Wind Over Bone: The Estralony Cycle #2 (Young Adult Fantasy Romance)

Home > Other > Wind Over Bone: The Estralony Cycle #2 (Young Adult Fantasy Romance) > Page 16
Wind Over Bone: The Estralony Cycle #2 (Young Adult Fantasy Romance) Page 16

by E D Ebeling


  ***

  Yelse was leaning out a little window at the end of a long room with a pitched roof. The lake was just outside. Waves lapped below, casting clear, fluid shadows across the ceiling as though the place were flooded.

  “How many people did you give them?” said Sarid. “The saebelen? What are they doing in return?”

  Yelse pulled her head back into the room. “I haven’t made my decision.”

  “I ought to kill you,” said Sarid.

  “You’d better wait. They’re in the next room.” Yelse pointed to a side door in the wall. “Your name has come up a lot, I believe.”

  “The scapegoat,” said Sarid. Heat rose off her skin. The air shimmered around her.

  “Why are you surprised? You ought to leave, find mercy in madness.”

  And then Yelse tilted her head as though she’d heard something. She turned back to the window, and the door to the side chamber opened. A group of people streamed out: Count Pash and his son, and various lords. And then Rischa, and Savvel, who came out last in a dressing gown, two guardsmen trailing behind him.

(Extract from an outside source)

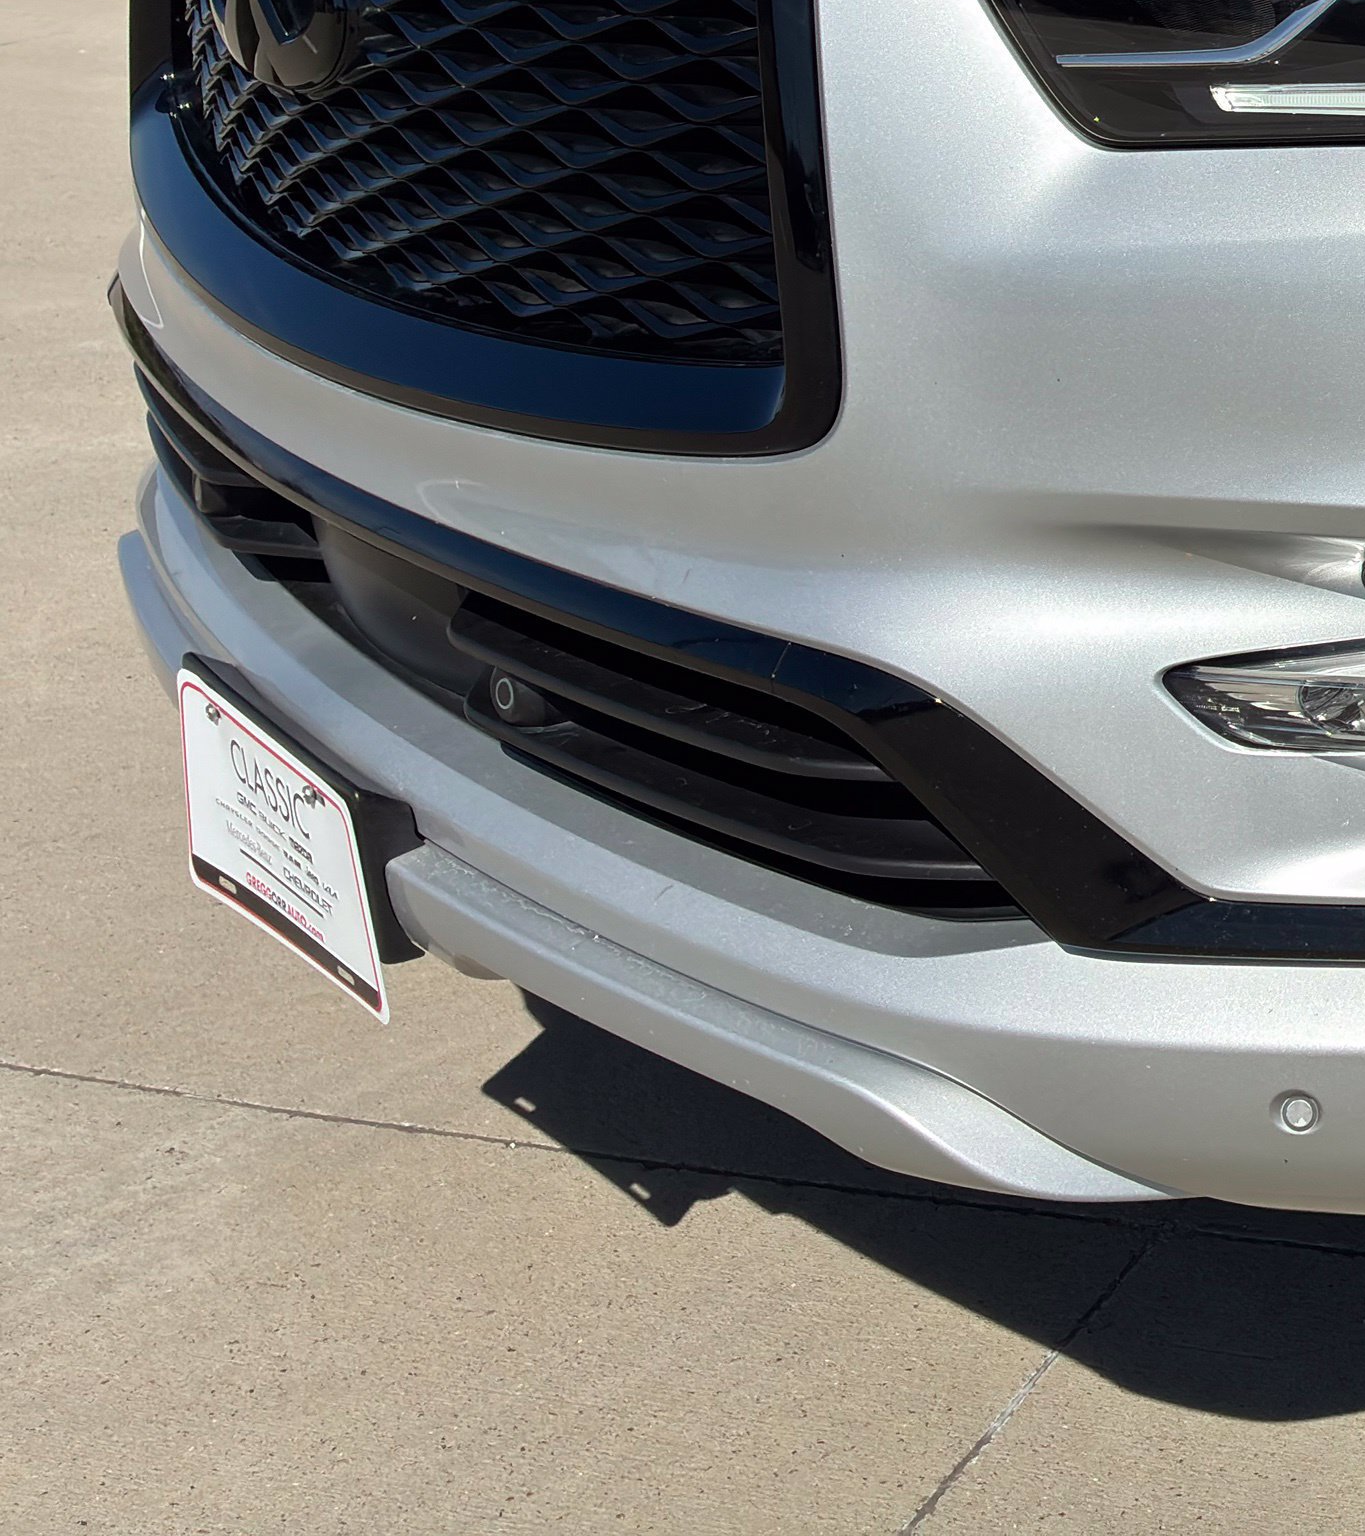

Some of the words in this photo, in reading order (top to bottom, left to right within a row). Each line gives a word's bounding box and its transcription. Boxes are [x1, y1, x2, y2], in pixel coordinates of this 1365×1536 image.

[230, 739, 311, 840] CLASSIC
[236, 791, 257, 816] GMC
[215, 797, 253, 827] CHRYSLER
[283, 866, 333, 917] CHEVROLET

  “She warned us against it,” said Pash, “and in a fit of rage delivered through on the punishment.”

  “If you’re going to go that way you’d better condemn Yelse as well,” said Rischa.

  Savvel let out a short, sharp laugh. “The quick condemner is quick to condemn quick condemnations.”

  Rischa moved away from his brother. He had a black eye; Savvel must have, at some point, broken away from his guard long enough to bestow his opinion where everyone could see it.

  Pash stopped when he saw Sarid with Yelse. “There she is,” he said, pointing. “Vixen.” It was almost comical. “I’m calling my men––”

  “You’re not,” said Rischa.

  “I don’t expect she will let you,” said Savvel to Pash. “But give it your best effort.”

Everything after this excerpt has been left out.